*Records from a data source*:
····················
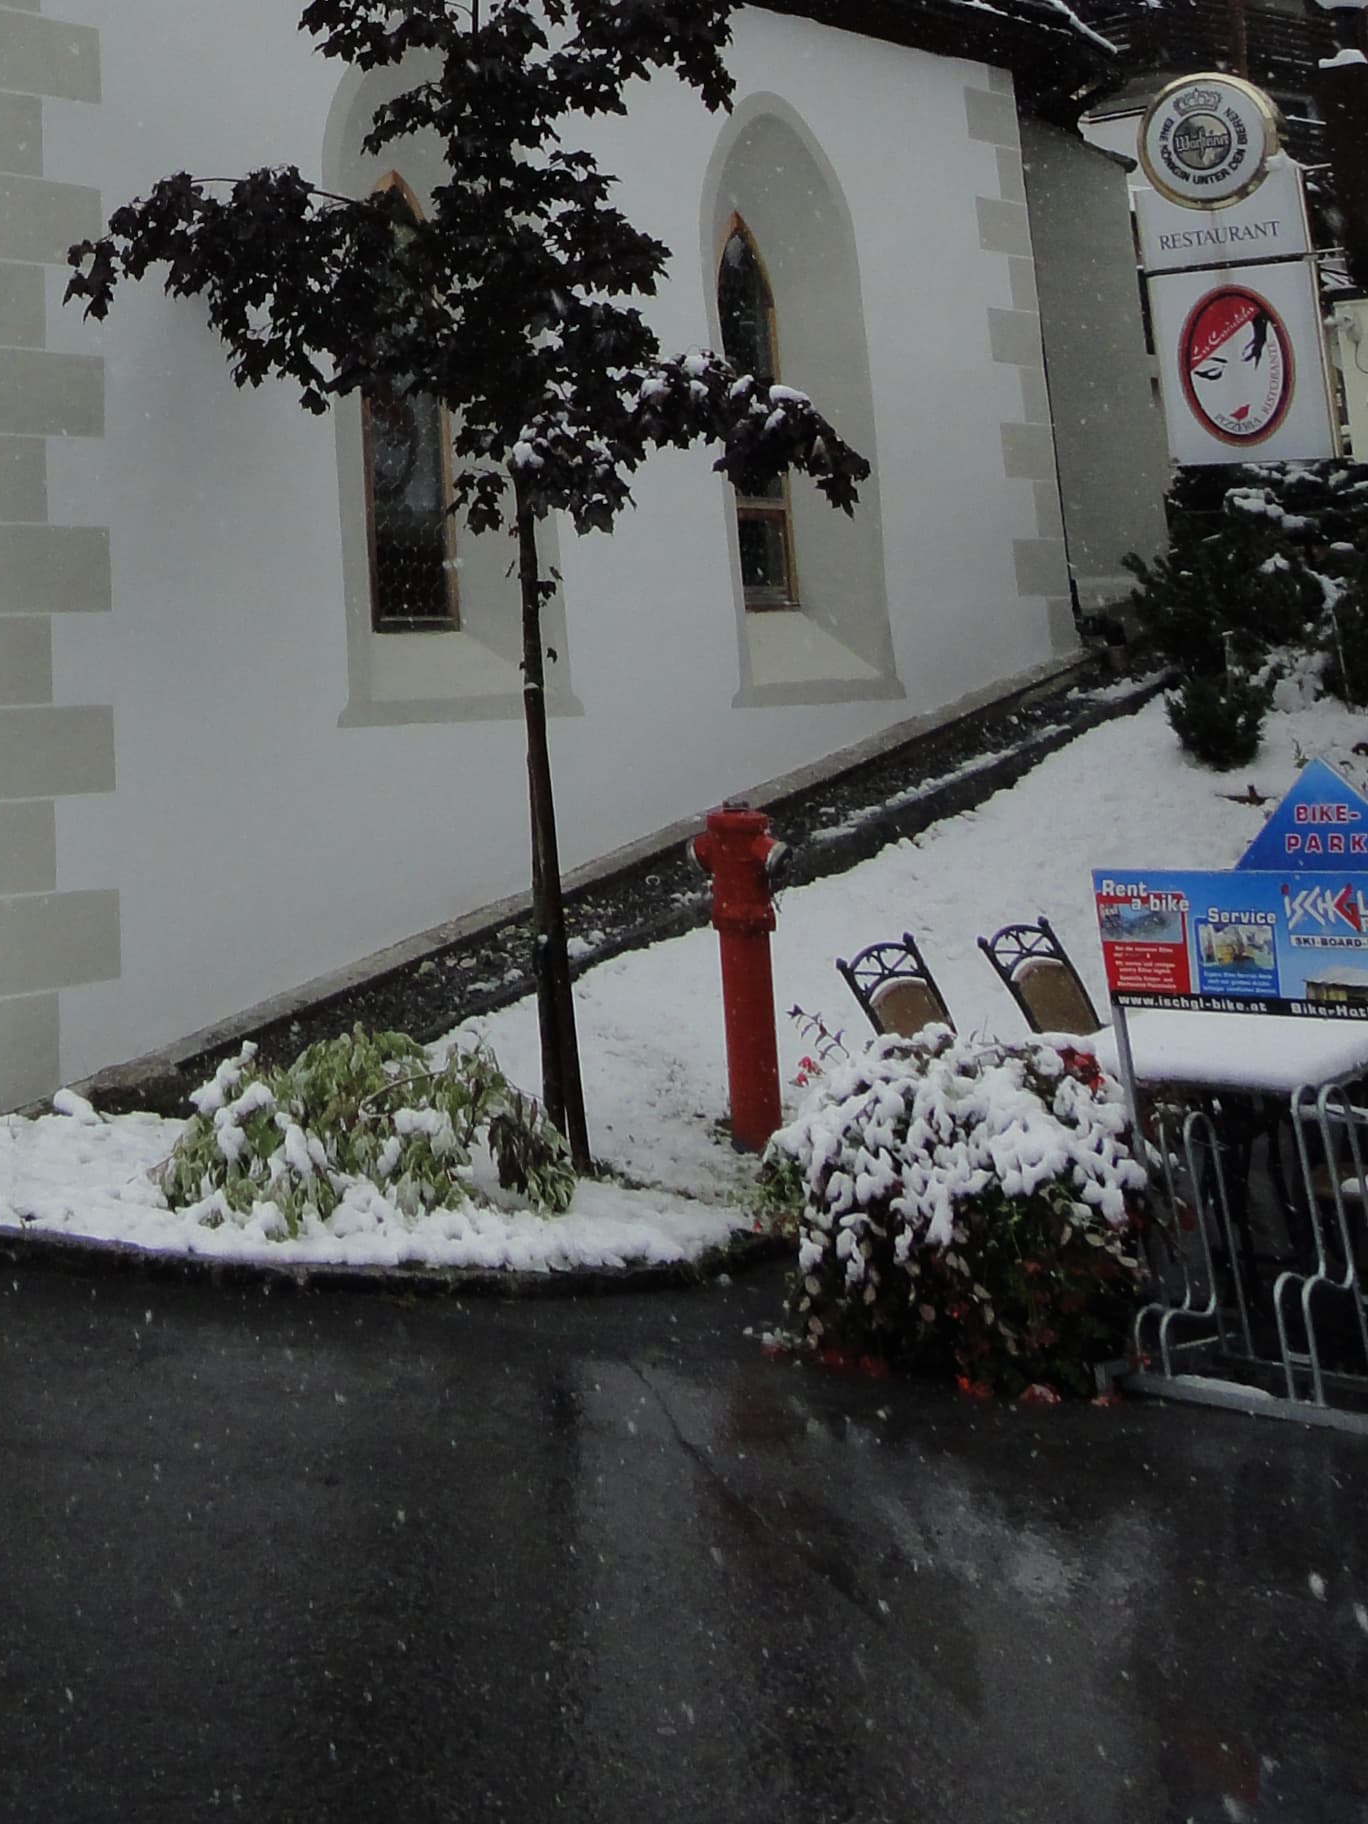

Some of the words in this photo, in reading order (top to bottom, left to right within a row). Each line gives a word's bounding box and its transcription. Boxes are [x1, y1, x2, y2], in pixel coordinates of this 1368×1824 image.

[1159, 117, 1175, 141] EINE
[1223, 107, 1248, 145] BIEREN
[1228, 148, 1247, 170] DEN
[1192, 167, 1230, 185] UNTER
[1159, 220, 1281, 251] RESTAURANT
[1214, 412, 1262, 433] PIZZERIA
[1261, 344, 1282, 415] RISTORANTE
[1294, 803, 1362, 824] BIKE-
[1284, 832, 1368, 854] PARK
[1101, 879, 1148, 897] Rent
[1131, 897, 1142, 911] a
[1149, 894, 1190, 912] bike
[1207, 907, 1276, 924] Service
[1118, 995, 1267, 1012] www.ischgl-bike.at
····················
*Required action*: Give the entries above again, exactly as written and free of images.

*Reply*:
Some of the words in this photo, in reading order (top to bottom, left to right within a row). Each line gives a word's bounding box and its transcription. Boxes are [x1, y1, x2, y2], in pixel coordinates of this 1368×1824 image.

[1159, 117, 1175, 141] EINE
[1223, 107, 1248, 145] BIEREN
[1228, 148, 1247, 170] DEN
[1192, 167, 1230, 185] UNTER
[1159, 220, 1281, 251] RESTAURANT
[1214, 412, 1262, 433] PIZZERIA
[1261, 344, 1282, 415] RISTORANTE
[1294, 803, 1362, 824] BIKE-
[1284, 832, 1368, 854] PARK
[1101, 879, 1148, 897] Rent
[1131, 897, 1142, 911] a
[1149, 894, 1190, 912] bike
[1207, 907, 1276, 924] Service
[1118, 995, 1267, 1012] www.ischgl-bike.at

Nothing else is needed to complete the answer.